▸ Brief
A word-for-word copy of the data is what's wanted, with no pictures.

══════

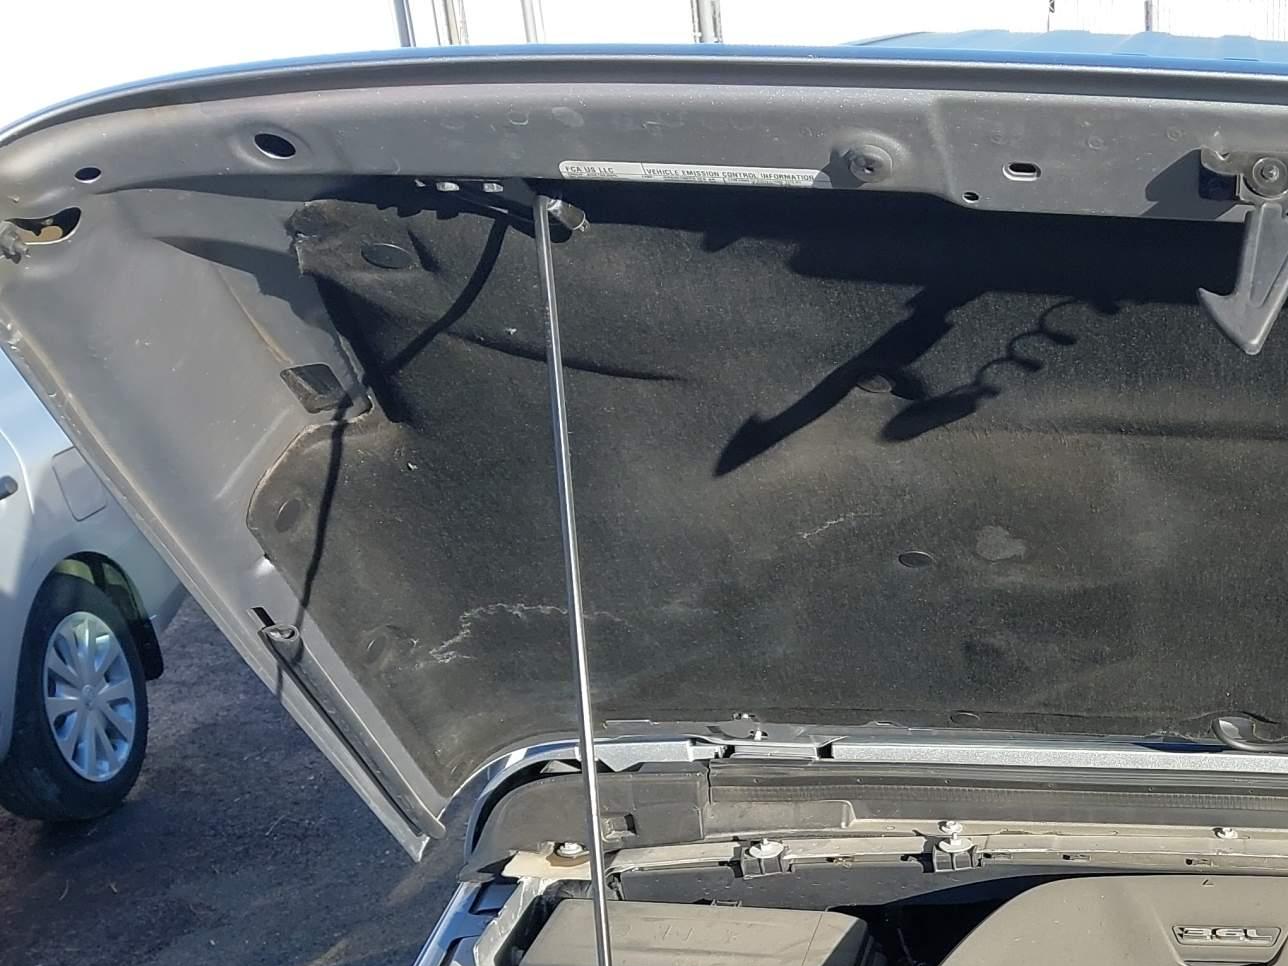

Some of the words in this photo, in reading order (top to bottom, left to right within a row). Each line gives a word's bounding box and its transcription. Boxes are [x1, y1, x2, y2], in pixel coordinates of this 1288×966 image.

[646, 168, 679, 176] VEHICLE
[682, 170, 719, 178] EMISSION
[722, 171, 756, 179] CONTROL
[761, 173, 815, 181] INFORMATION
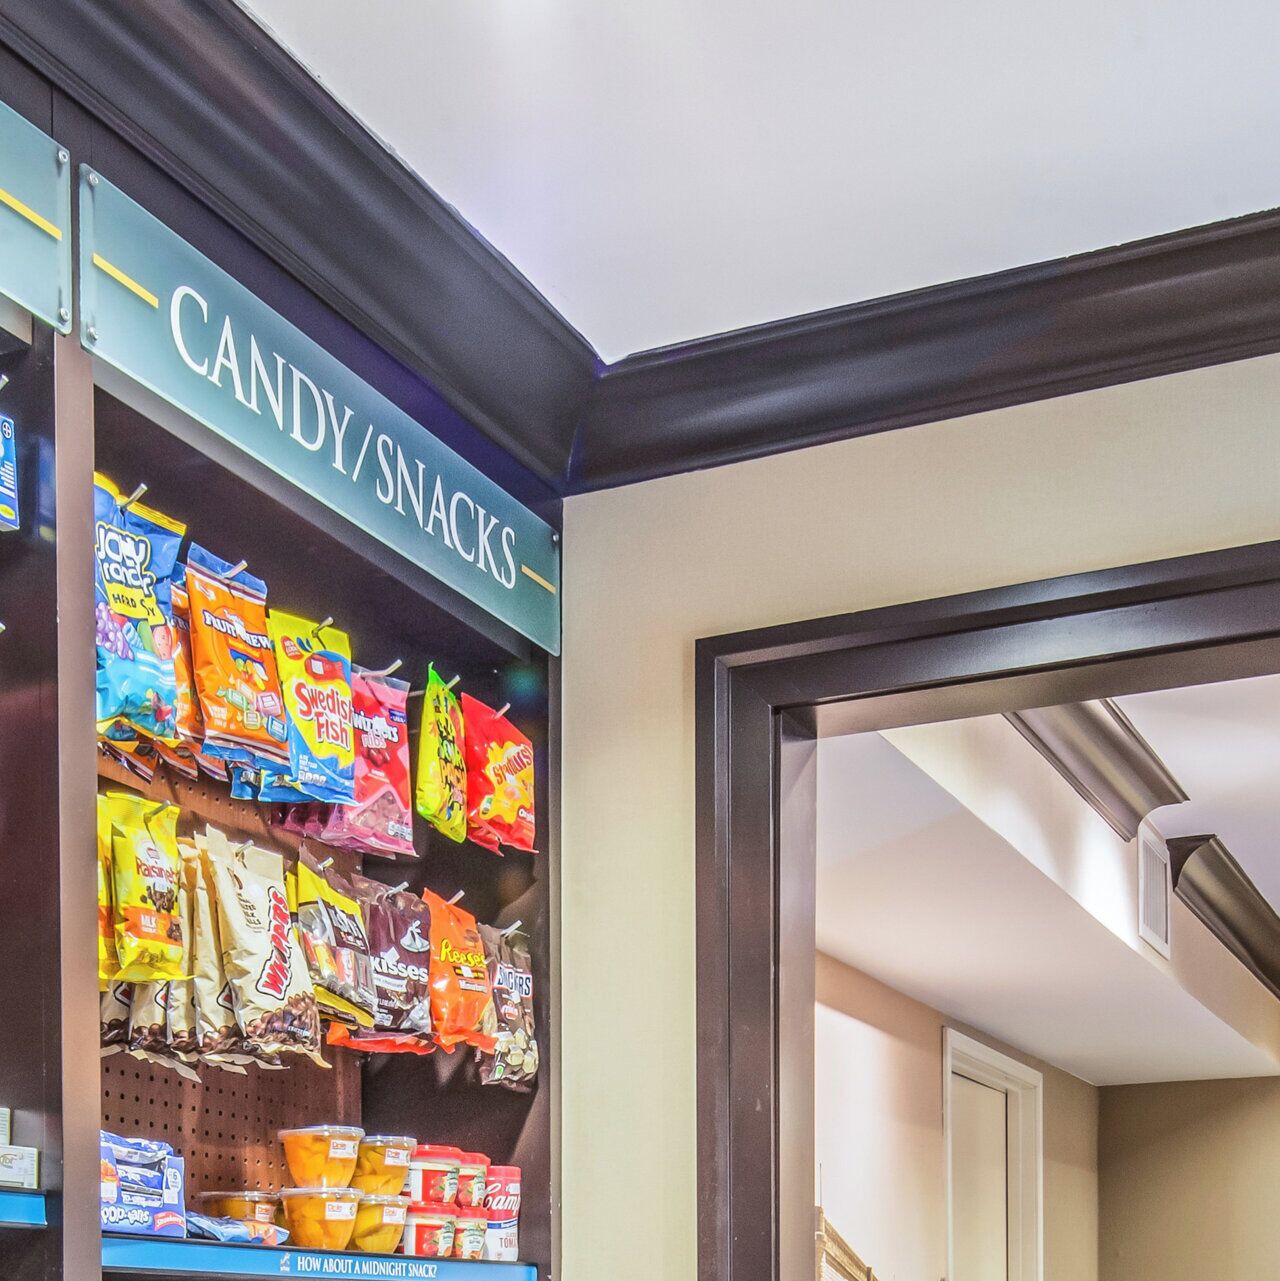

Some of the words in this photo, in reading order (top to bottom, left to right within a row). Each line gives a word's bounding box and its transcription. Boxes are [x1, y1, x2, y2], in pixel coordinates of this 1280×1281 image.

[171, 284, 517, 590] CANDY/SNACKS
[316, 711, 352, 752] Fish
[372, 953, 429, 985] Kisses
[439, 938, 487, 969] Reese's
[298, 1256, 322, 1272] HOW
[323, 1257, 353, 1273] ABOUT
[354, 1260, 361, 1273] A
[362, 1260, 407, 1276] MIDNIGHT
[408, 1262, 438, 1278] SNACK?
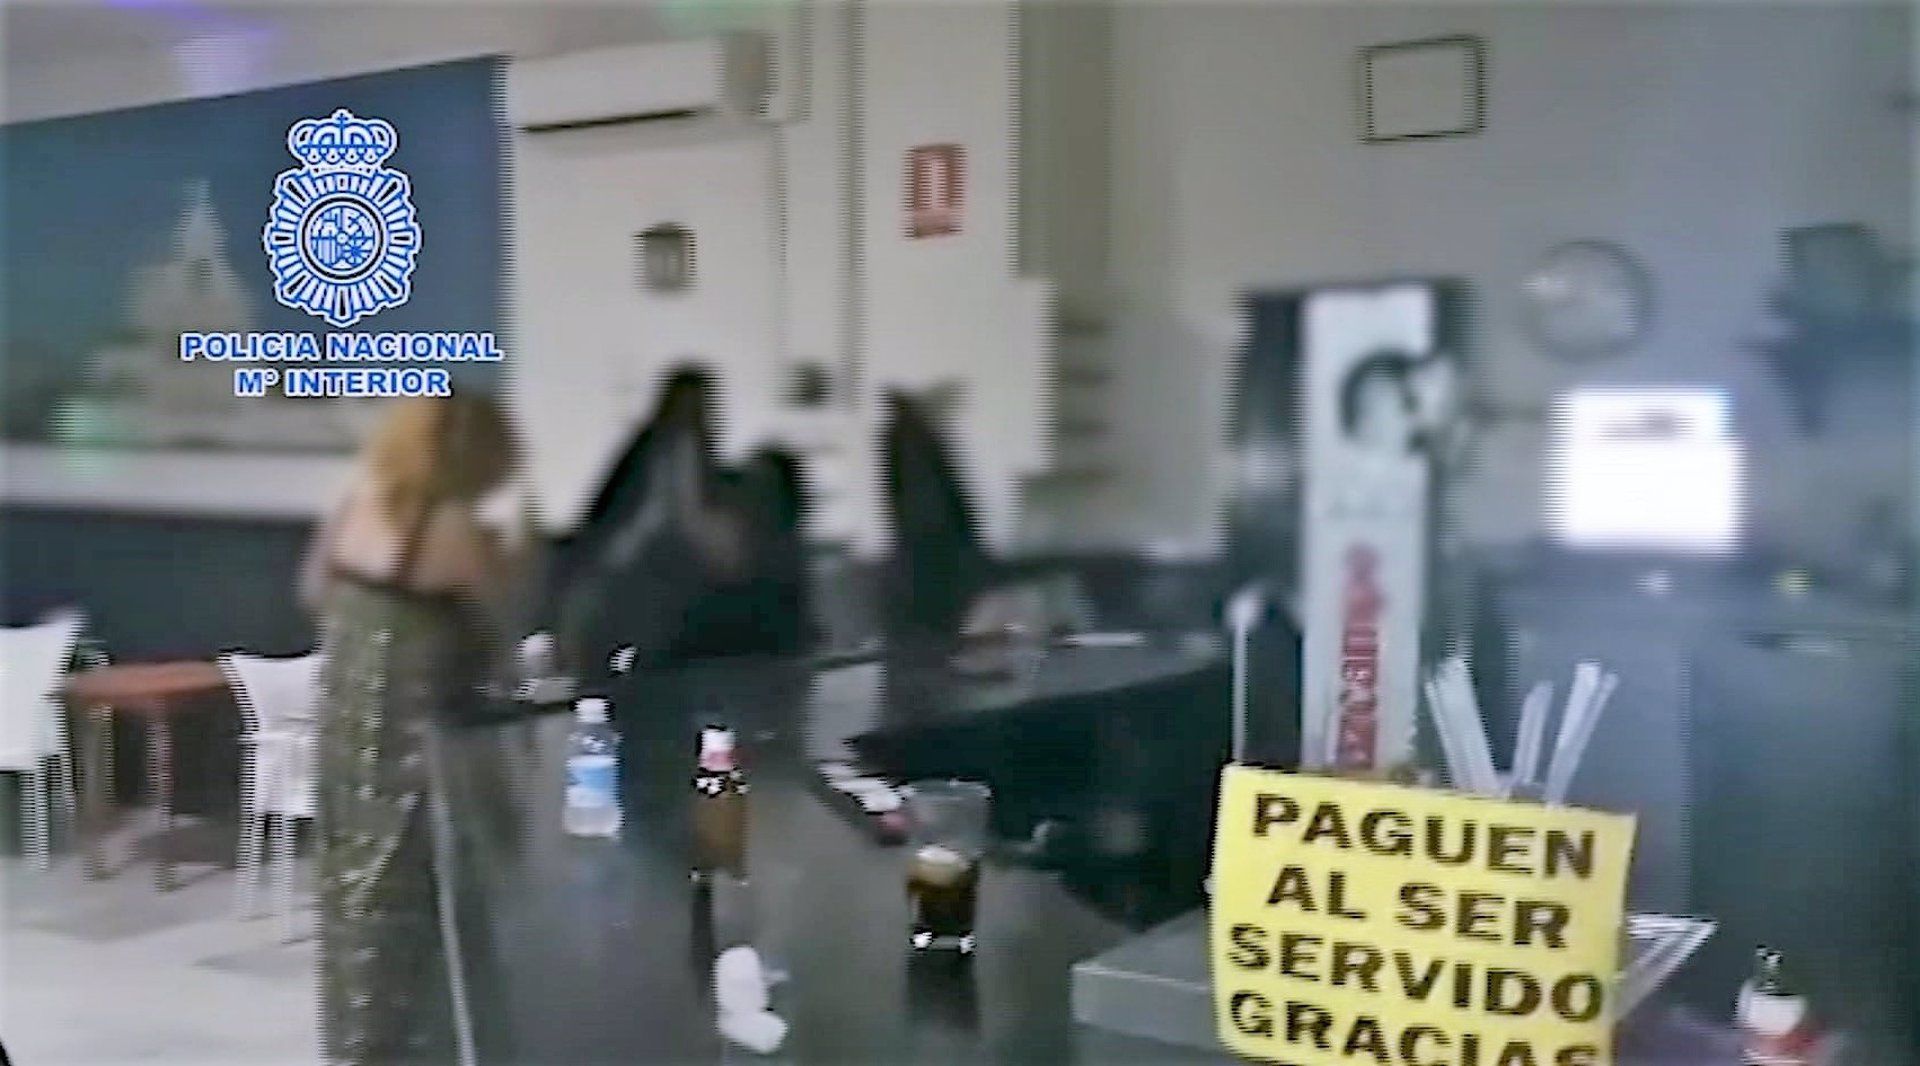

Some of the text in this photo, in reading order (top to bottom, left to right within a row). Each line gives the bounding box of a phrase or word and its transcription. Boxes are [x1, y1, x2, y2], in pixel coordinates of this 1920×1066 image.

[1253, 793, 1596, 879] PAGUEN
[1266, 864, 1571, 949] AL SER
[1228, 923, 1603, 1024] SERVIDO

══════

▸ Reply
Some of the words in this photo, in reading order (top to bottom, left to right within a row). Each line gives a word's bounding box and its transcription. Boxes are [x1, y1, x2, y2], in pixel coordinates of this 1288×966 image.

[646, 168, 679, 176] VEHICLE
[682, 170, 719, 178] EMISSION
[722, 171, 756, 179] CONTROL
[761, 173, 815, 181] INFORMATION

Some of the words in this photo, in reading order (top to bottom, left to right within a row). Each line gives a word's bounding box and its transcription. Boxes are [x1, y1, x2, y2], in pixel coordinates of this 1280×1281 image.

[171, 284, 517, 590] CANDY/SNACKS
[316, 711, 352, 752] Fish
[372, 953, 429, 985] Kisses
[439, 938, 487, 969] Reese's
[298, 1256, 322, 1272] HOW
[323, 1257, 353, 1273] ABOUT
[354, 1260, 361, 1273] A
[362, 1260, 407, 1276] MIDNIGHT
[408, 1262, 438, 1278] SNACK?

Some of the text in this photo, in reading order (top to bottom, left to right within a row). Each line gives the bounding box of a phrase or word and its transcription. Boxes are [x1, y1, x2, y2], in pixel coordinates of this 1920×1066 image.

[1253, 793, 1596, 879] PAGUEN
[1266, 864, 1571, 949] AL SER
[1228, 923, 1603, 1024] SERVIDO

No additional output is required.